Lindsey Glorioso wrote -
“Our Little Angel Mia Nalani” is not an official 501c3 and, thus, cannot accept donations via Crowdrise. We are using this website solely as a means to track our offline donations and generate maximum exposure for such a worthy cause.
If you want to donate, feel free to contact us at mianalanyfundraiser@ yahoo.com.
You can also find us on Facebook under "Support Fundraiser for Mia Nalani"
"On September 5th, 2006 my daughter Mia Nalani was born her birth weight was 5.9 lbs. and she measured less than 16”," says Mia's mom, Lilly. "I can still remember her faint whimper as the doctor’s worked on her for a few minutes after birth. Working in labor and delivery for a few years I knew something was not right but soon after the doctors worked on Mia, she was placed on my chest and I was told that everything was fine…or so they thought.

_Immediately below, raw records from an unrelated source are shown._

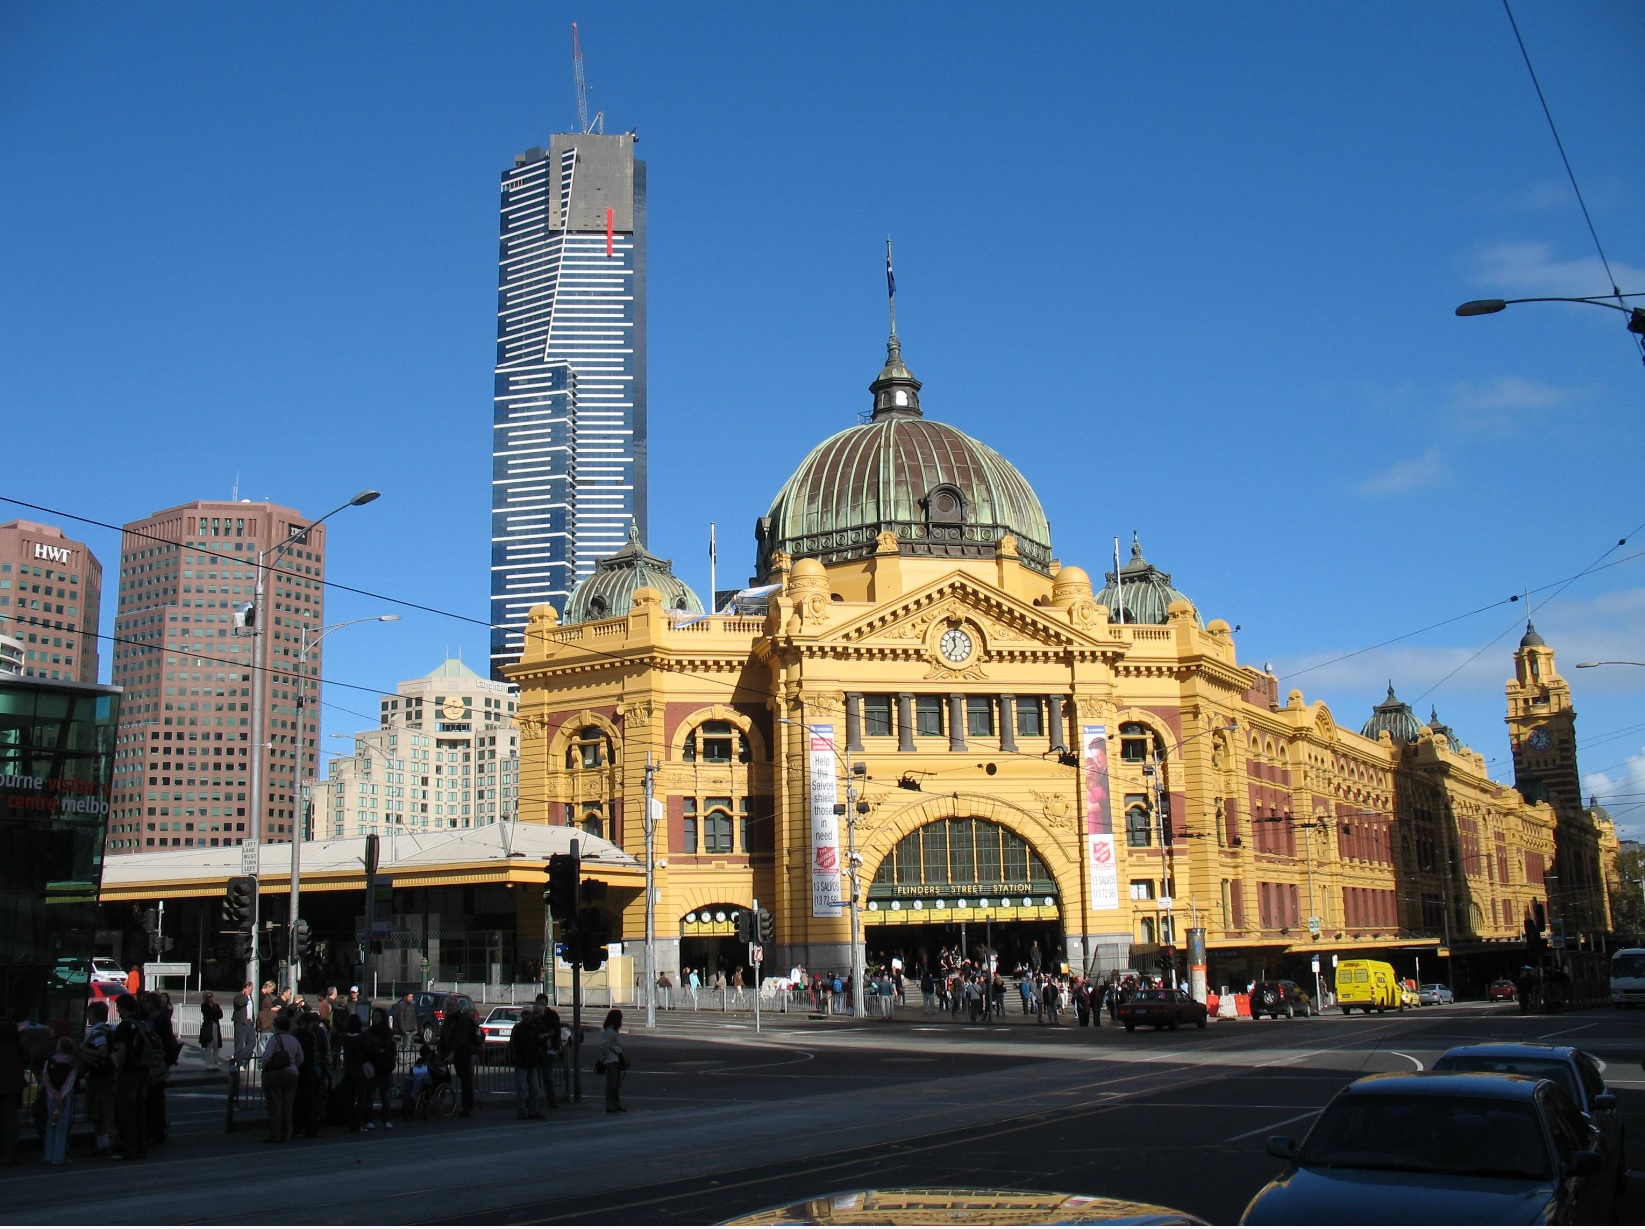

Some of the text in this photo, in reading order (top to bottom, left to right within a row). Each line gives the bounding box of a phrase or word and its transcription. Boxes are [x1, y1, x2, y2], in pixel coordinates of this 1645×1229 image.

[34, 543, 71, 564] HWT
[476, 678, 508, 692] Langham
[814, 755, 830, 768] Help
[817, 768, 829, 779] the
[48, 777, 97, 795] visitor
[811, 780, 835, 791] Salvos
[814, 791, 835, 803] shield
[7, 796, 58, 812] centre
[814, 805, 833, 816] those
[820, 817, 828, 828] in
[815, 830, 833, 841] need
[820, 881, 840, 891] SALVOS
[897, 883, 1032, 894] FLINDERS STREET STATION

"On the day of our final discharge we began packing everything to go home, my nurse informed me that they would do a last check on Mia and then we would be ready to go, but a few hours later to my surprise my doctor entered the room along with a cardiologist and gave me the bad news that Mia was not going home with me. Instead she would be transferred to Cleveland Clinic due to a heart murmur that was detected. They believed that further testing should be done to determine what was wrong with her. And so Mia’s story began …
"The next eleven days were the longest days of my life. Mia was transferred to PICU due to her heart decelerating and her oxygen levels being very low. She was tested and tested for every possible disorder or condition. The longest and most excruciating wait was the results for her genetic testing. After an entire week of waiting, the results were finally in. It was then that we learned that Mia’s heart condition was only part of the problem. Sad to say our Mia was diagnosed with Trisomy 18 or Edward’s Syndrome. We were sent home with hospice arrangements since her grim prognosis was that she would not be living past two weeks.
"Four and half years later, our Mia is still here. She has been hospitalized four times. The most recent admission revealed that her heart condition has shifted from mild to severe pulmonary hypertension and it is very likely that she will slowly began to digress as her heart begins to wear down. Mia is too frail to survive surgery so the best thing we can do for her is pray and hope she is with us a little longer."
What does Mia’s future look like?
Currently, Mia is doing better considering her prognosis. She is able to eat without a feeding tube and is breathing without the help of an oxygen machine. Mia was getting physical and occupational therapy in the last months through school which helped improve her head control (she is able to hold her head on her own). Unfortunately, it is unknown how much longer she will be with us. Her recent change with her heart tells us that her heart is slowly deteriorating. More than likely she will begin to show less activity and begin to slow down as her energy decreases. In the meantime we will enjoy the time that we have with her.